GIVEN ENTRIES:
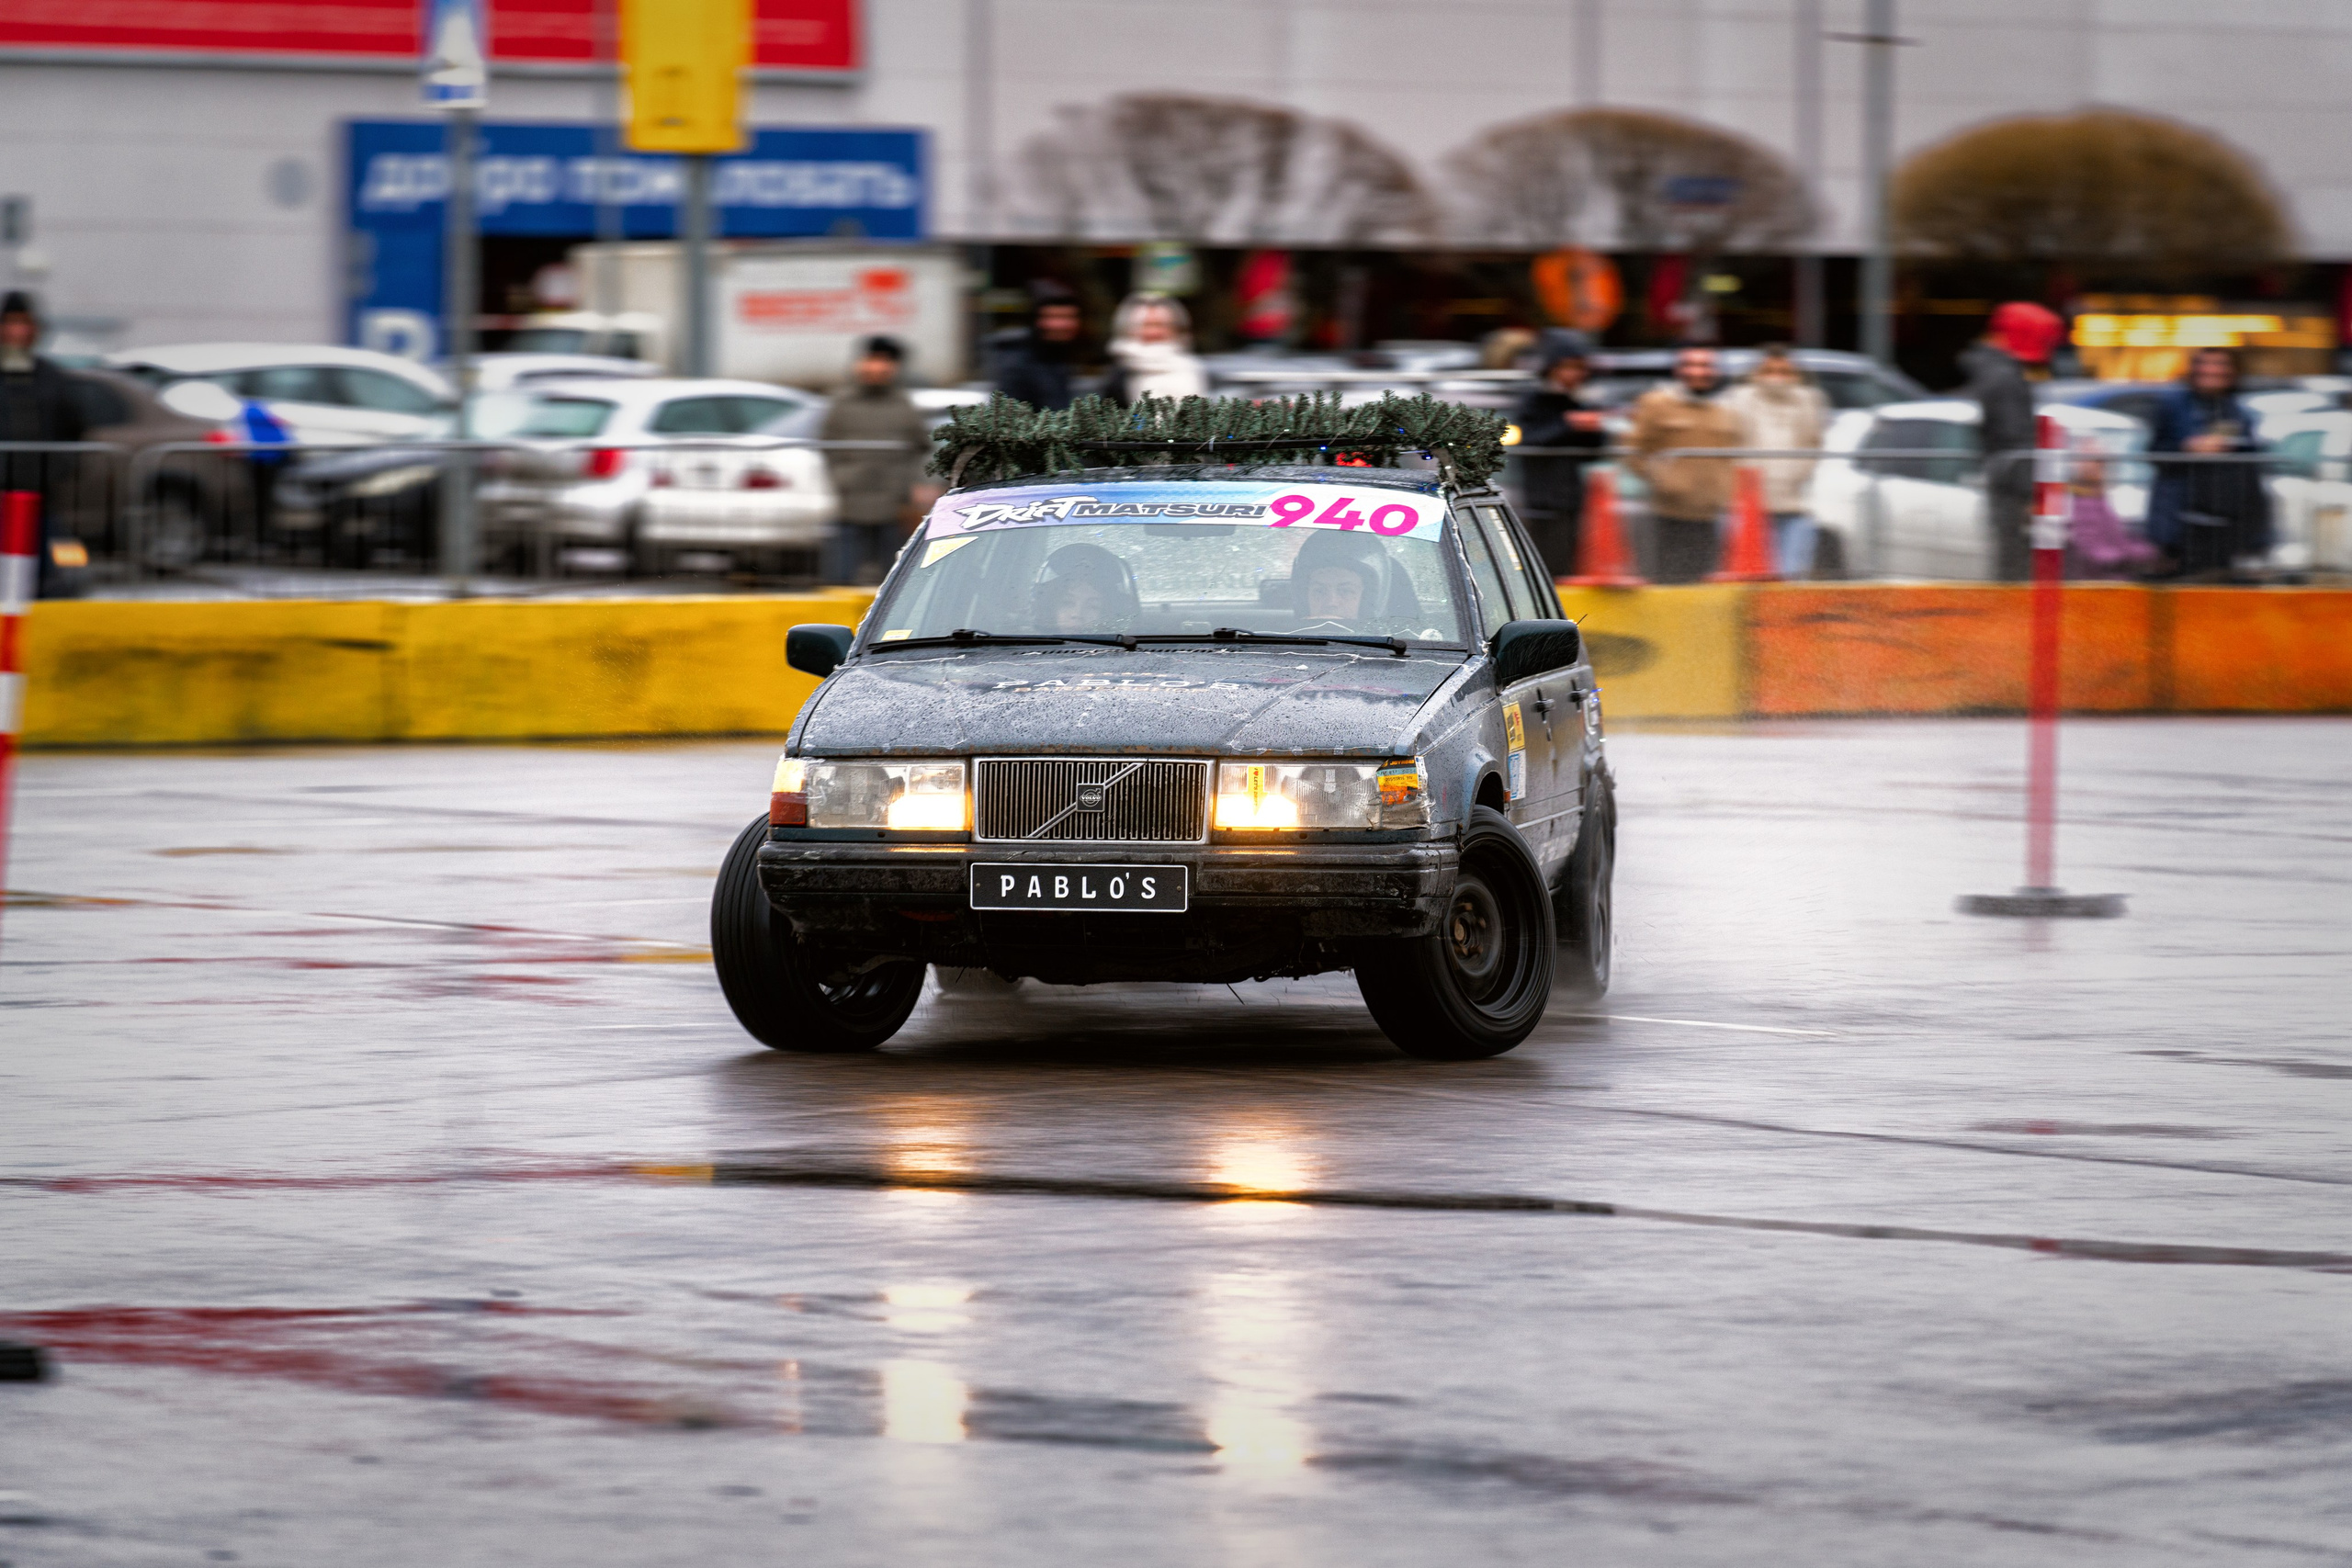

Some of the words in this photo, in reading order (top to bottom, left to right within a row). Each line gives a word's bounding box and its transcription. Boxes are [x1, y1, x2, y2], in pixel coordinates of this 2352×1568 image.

[1072, 502, 1272, 518] MATSURI
[1269, 494, 1419, 536] 940
[992, 679, 1240, 690] PABLO'S
[1001, 873, 1157, 899] PABLO'S
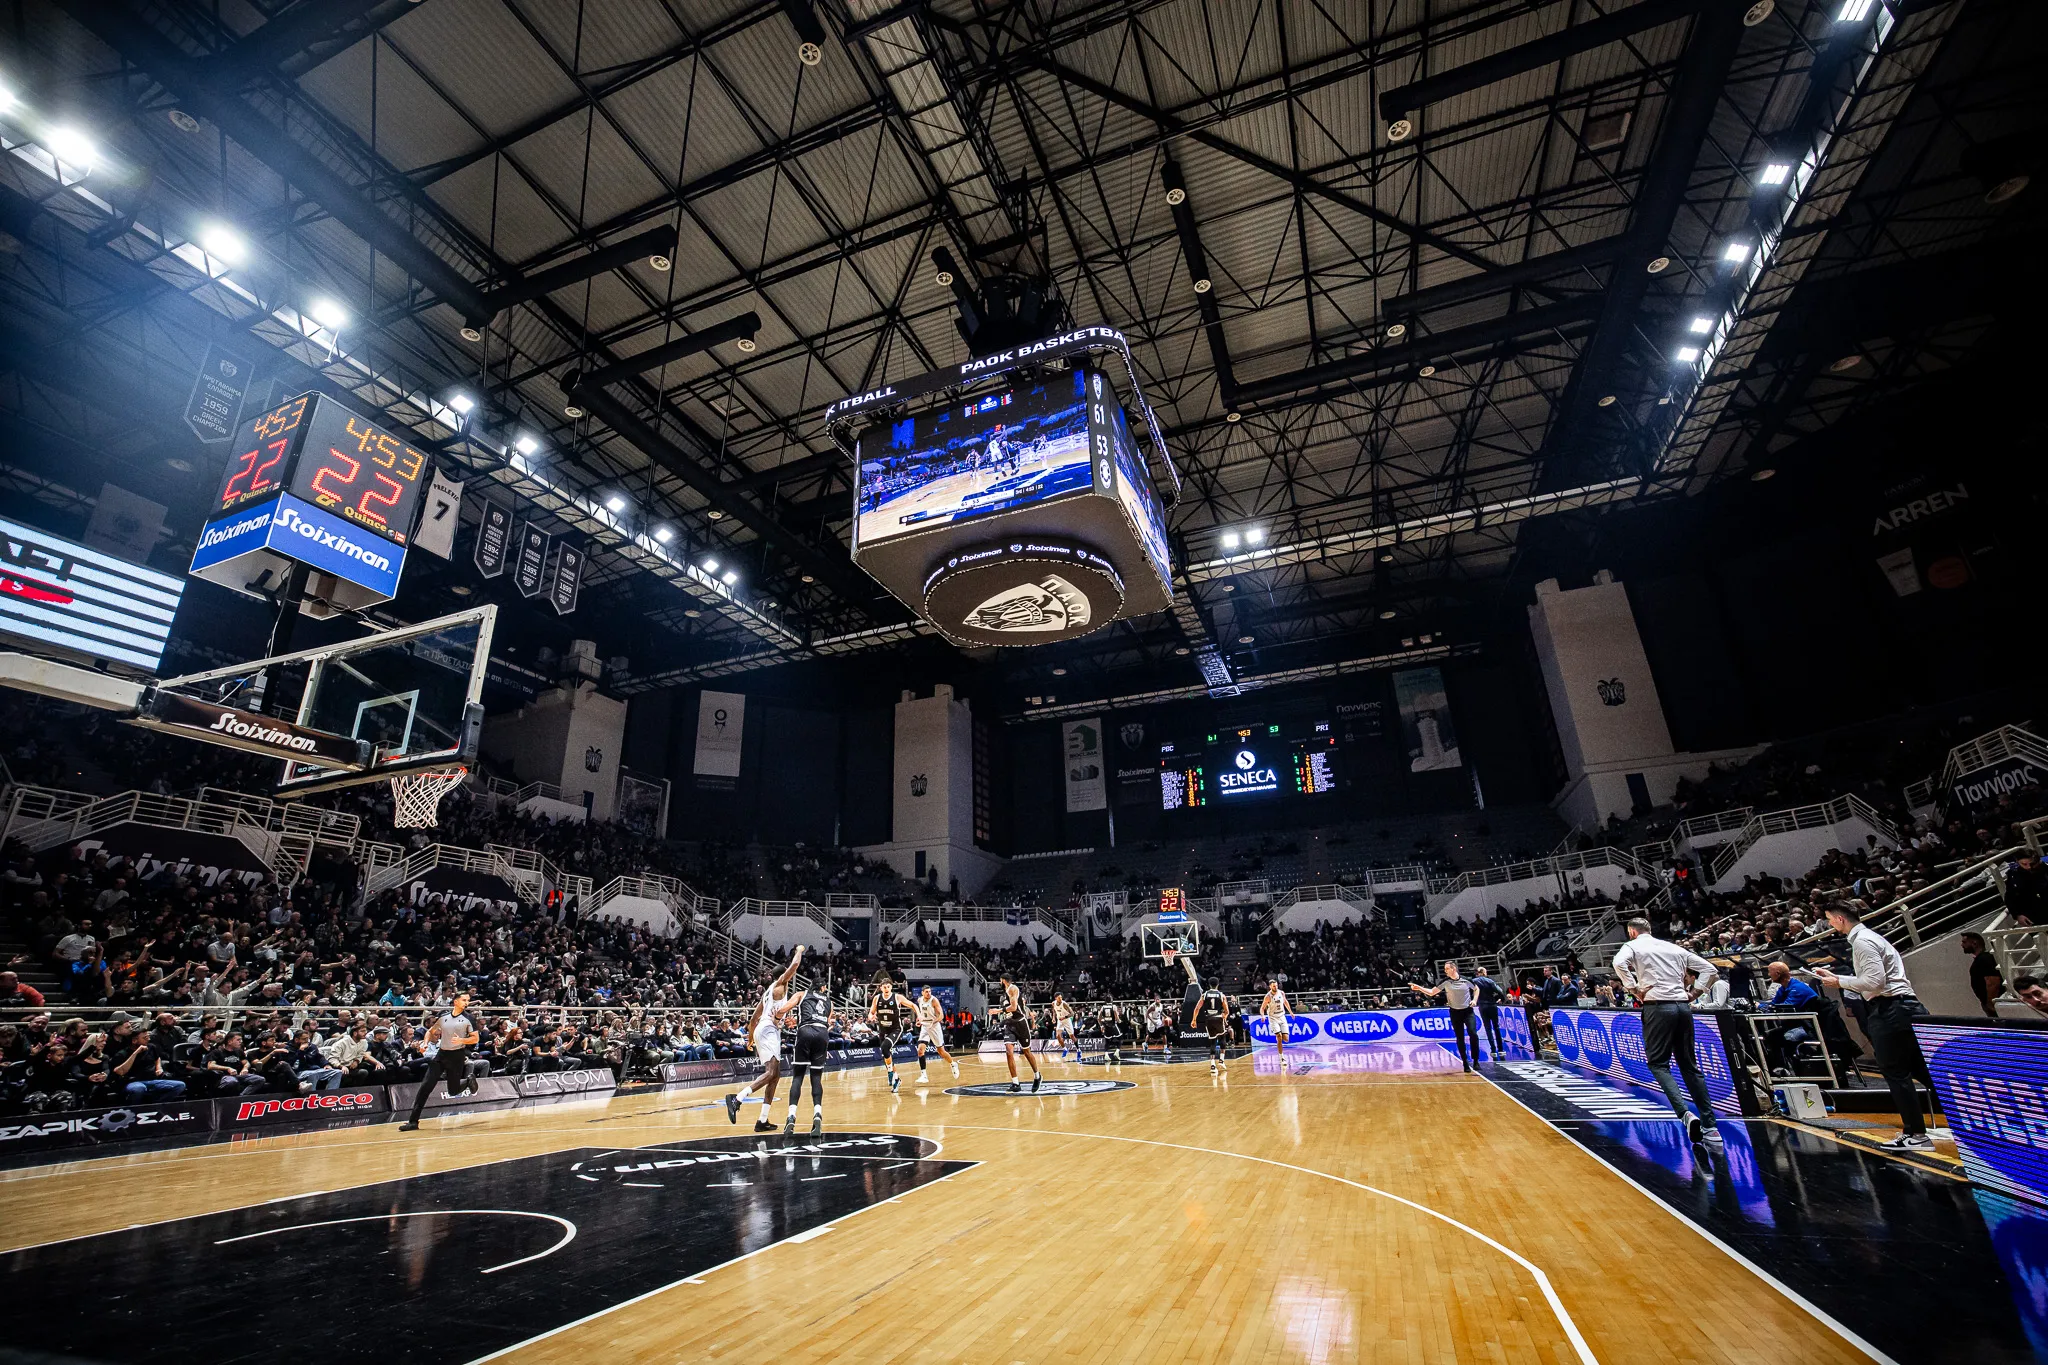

THE TASK: Transcribe the whole listing exactly. Pictures stay out of your copy.

EXPECTED OUTPUT:
Some of the words in this photo, in reading order (top to bottom, left to right within a row). Each line gives a word's bounding box and its transcription. Boxes are [x1, y1, x2, y2], in pixel coordinates of this 2352×1568 image.

[1072, 502, 1272, 518] MATSURI
[1269, 494, 1419, 536] 940
[992, 679, 1240, 690] PABLO'S
[1001, 873, 1157, 899] PABLO'S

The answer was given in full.